Deferred pay raises will also be restored for members of the California Correctional Peace Officers Association


By Wes Venteicher
The Sacramento Bee        

SACRAMENTO — Pay will be restored automatically for about 130,000 California state workers represented by two unions, while the rest of the workforce must wait for their unions to bargain new agreements over wage reductions all employees took last year, Gov. Gavin Newsom said Friday.

Pay will be restored automatically for about 100,000 employees represented by SEIU Local 1000 and for about 28,000 people represented by the California Correctional Peace Officers Association, Newsom said.

Workers and union leaders have been calling upon Governor Gavin Newsom to restore pay since it became clear months ago that the state would have much more money in the budget than expected following the coronavirus pandemic.
Workers and union leaders have been calling upon Governor Gavin Newsom to restore pay since it became clear months ago that the state would have much more money in the budget than expected following the coronavirus pandemic. (AP Photo)

Most of the pay cuts were scheduled to last two years. Newsom's comments, combined with a written summary of his budget proposal and the unions' contract language, suggests pay for workers in the two unions will be restored on July 1. The budget summary says deferred pay raises also will be restored for the two unions.

All state employees accepted pay cuts through union-negotiated agreements last July, when projections from Newsom's administration showed the state could face a budget deficit of $54.3 billion in a recession caused by the coronavirus pandemic.

The projections proved to be way off, and Newsom on Friday outlined his updated plan to spend a $76 billion surplus.

The plan doesn't include anything special for state workers — such as essential worker bonuses — that some had hoped for.

And the plan doesn't appear to accelerate the restoration of state workers' pay ahead of July 1, the beginning of the state's fiscal year. Many workers, along with some union leaders, have been calling on Newsom to restore pay since it became clear months ago that the state would have much more money than it anticipated.

Local 1000 has a provision in its pay cut agreement saying that if the state doesn't draw any money from its reserves to cover revenue shortfalls, pay cuts would end for its workers in fiscal year 2021-2022.

The correctional officers' union has a provision in its agreement saying that if any other groups of state employees get their pay restored before 2022, the officers' pay will be restored at the same time.
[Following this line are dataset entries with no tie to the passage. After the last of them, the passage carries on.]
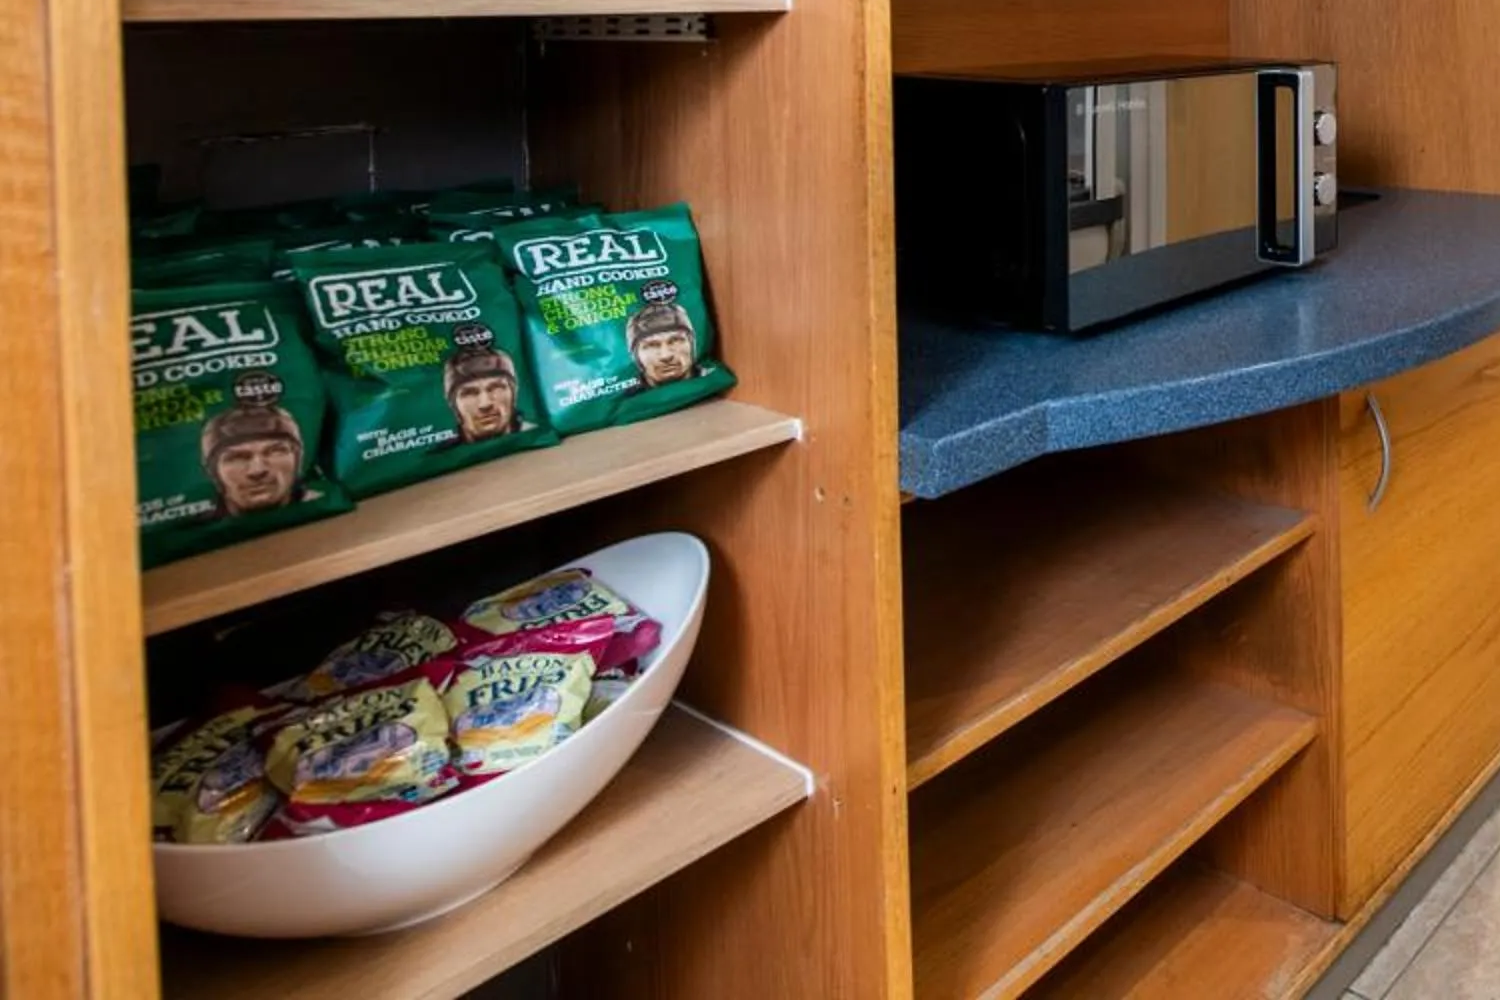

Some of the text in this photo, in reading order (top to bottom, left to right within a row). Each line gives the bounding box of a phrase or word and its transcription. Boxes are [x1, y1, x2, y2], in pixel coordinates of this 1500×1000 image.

[527, 234, 658, 276] REAL
[322, 272, 466, 317] REAL
[536, 265, 670, 297] HAND COOKED
[134, 310, 265, 360] EAL
[332, 307, 481, 339] HAND COOKED
[563, 308, 628, 331] ONION
[342, 326, 428, 349] STRONG
[164, 351, 278, 382] COOKED
[480, 654, 567, 681] BACON
State workers' pay was reduced through a furlough-like personal leave program. Most workers took a base pay cut of 9.23% and received two flexible, bankable days off per month in exchange. To soften the hit to their pay, the state suspended the contributions employees normally make toward their retirement health care, which range from 1.4% to 4.6% of pay.
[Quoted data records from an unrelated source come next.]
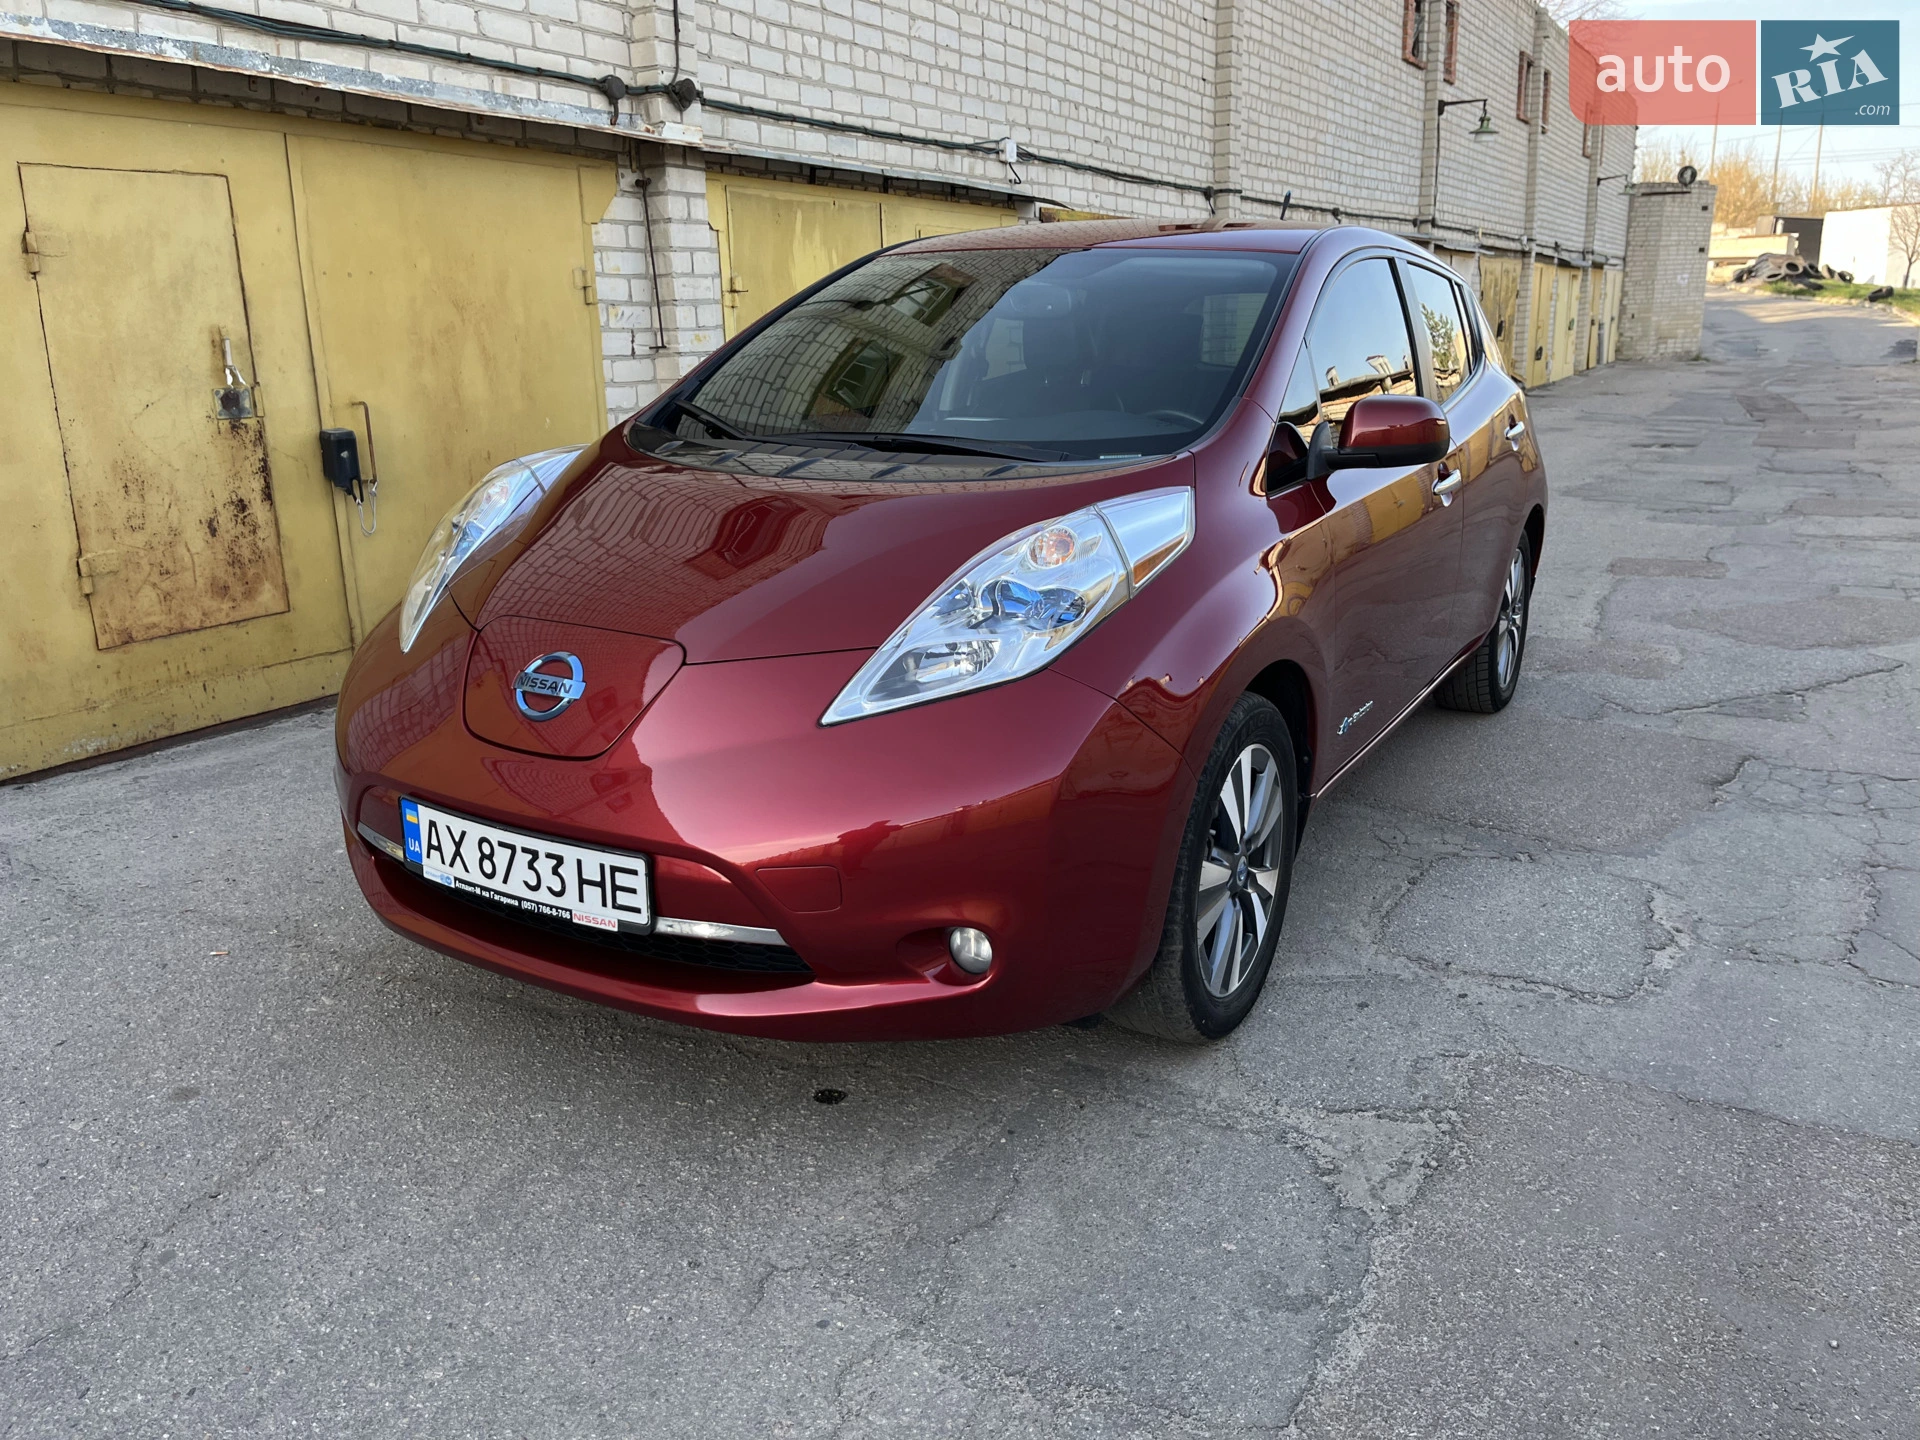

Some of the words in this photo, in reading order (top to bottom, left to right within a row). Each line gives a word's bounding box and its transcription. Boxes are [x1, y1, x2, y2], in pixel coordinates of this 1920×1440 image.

[518, 676, 573, 693] NISSAN
[408, 837, 421, 853] UA
[426, 818, 470, 874] AX
[477, 836, 567, 898] 8733
[576, 857, 642, 915] HE
[521, 899, 538, 913] (057)
[538, 904, 571, 920] 766-8-766
[573, 912, 617, 929] NISSAN
Local 1000's agreement says that in the absence of reserve fund spending, the leave program, known as PLP 2020, will end. That most likely means that as workers' pay is restored, they'll also have to resume contributions to their retirement health care. The union represents a broad swath of workers ranging from nurses to custodians to analysts.

All employees represented by Local 1000 were scheduled to receive a general salary increase of 2.5% on July 1, 2020 under the union's latest contract, while workers in about three dozen classifications were set to receive special raises of an additional 5%. The contract included another 2% general salary increase on July 1, 2021.
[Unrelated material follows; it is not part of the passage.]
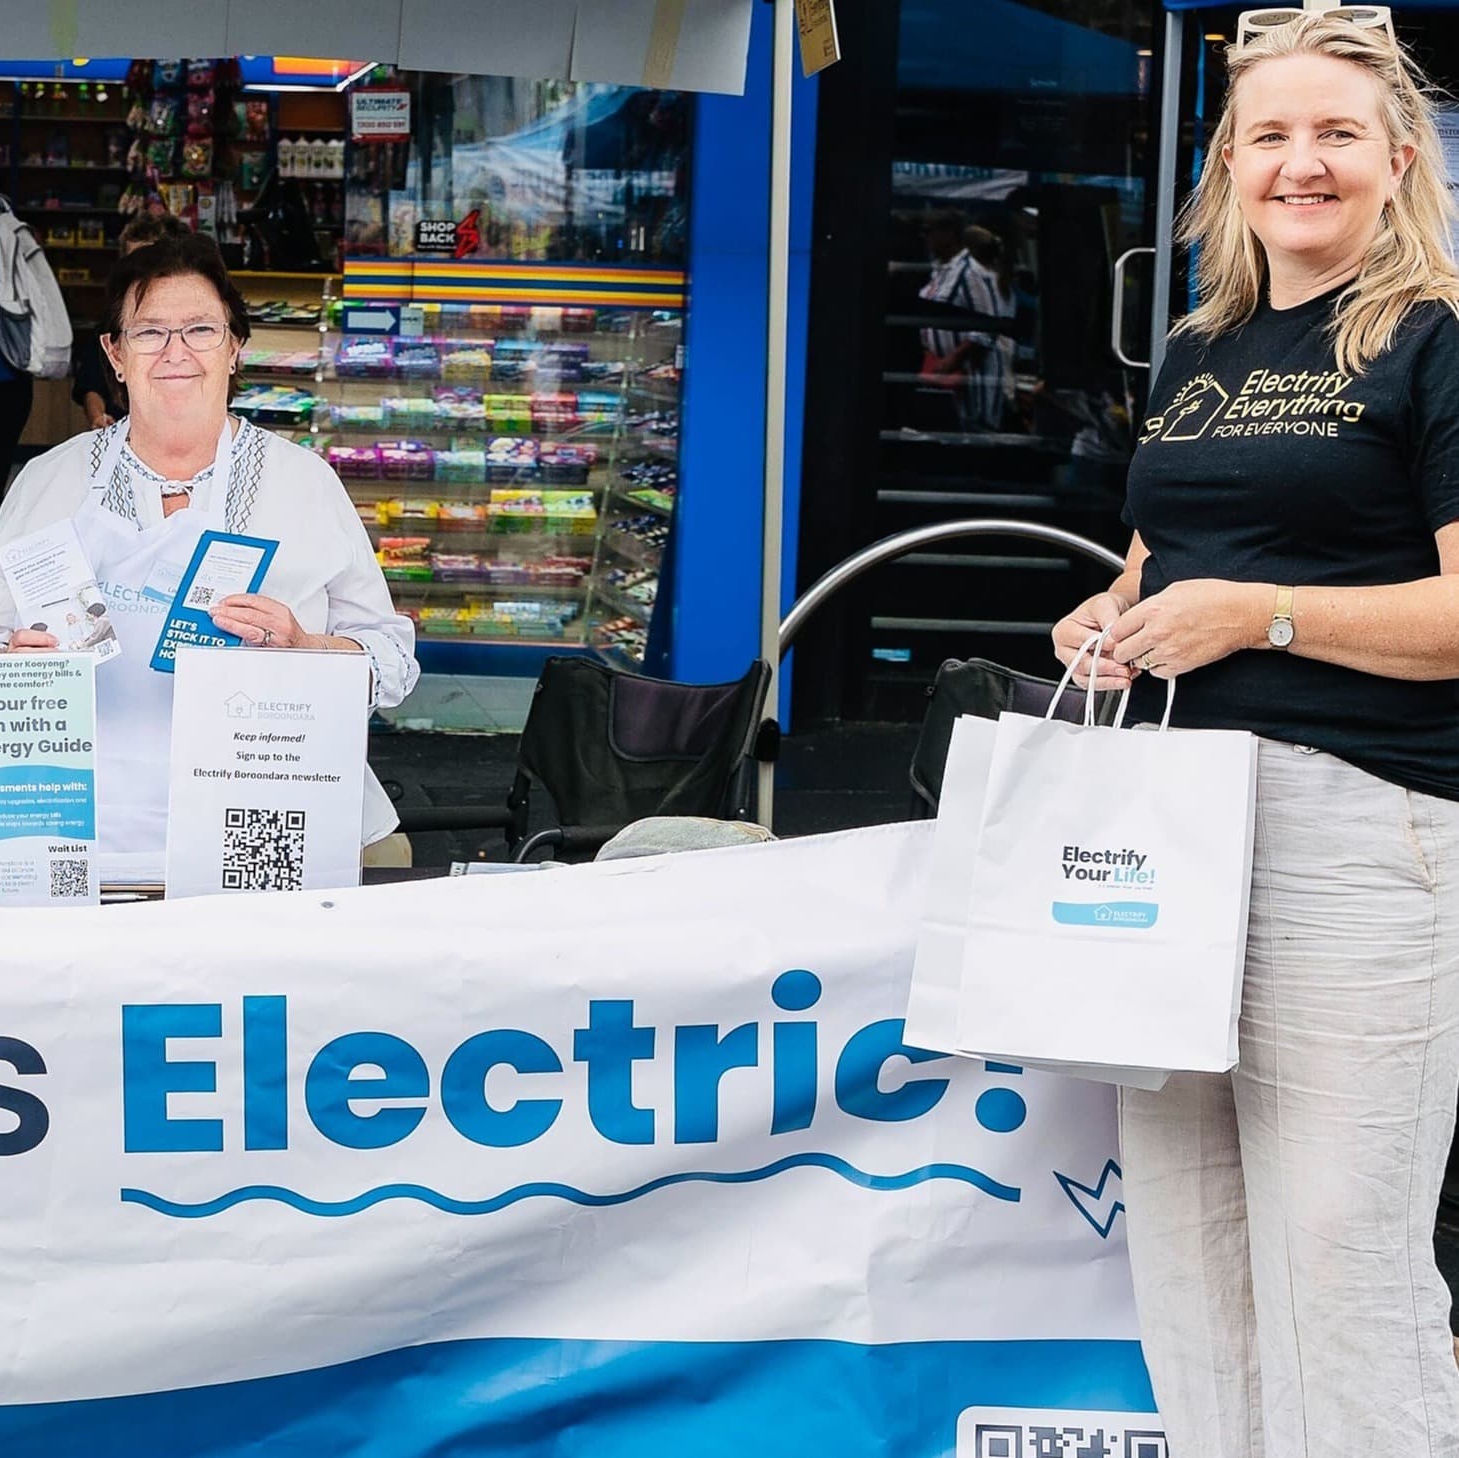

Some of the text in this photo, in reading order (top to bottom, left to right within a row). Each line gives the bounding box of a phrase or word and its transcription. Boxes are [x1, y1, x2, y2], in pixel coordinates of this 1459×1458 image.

The leave program for correctional officers differed from the rest of the state's workforce. Officers took a 4.62% pay cut in exchange for 12 hours of personal leave program time and accepted the suspension of holiday pay for seven of 11 state holidays, along with other special pay suspensions.

The officers were scheduled to get a 3% raise in July 2020.

The rest of the state unions face a range of different circumstances. Some agreed to the leave program in side letters, while others included the program in their main contracts.

Three unions — the California Association of Professional Scientists, AFSCME and California Attorneys, Administrative Law Judges, and Hearing Officers in State Employment — are in negotiations with the state over contracts that expired in July 2020.

A group of maintenance workers represented by the International Union of Operating Engineers has begun negotiations over a contract that expires this summer, and Cal Fire Local 2881 will soon begin negotiations over a firefighter contract expiring this summer, according to the budget summary.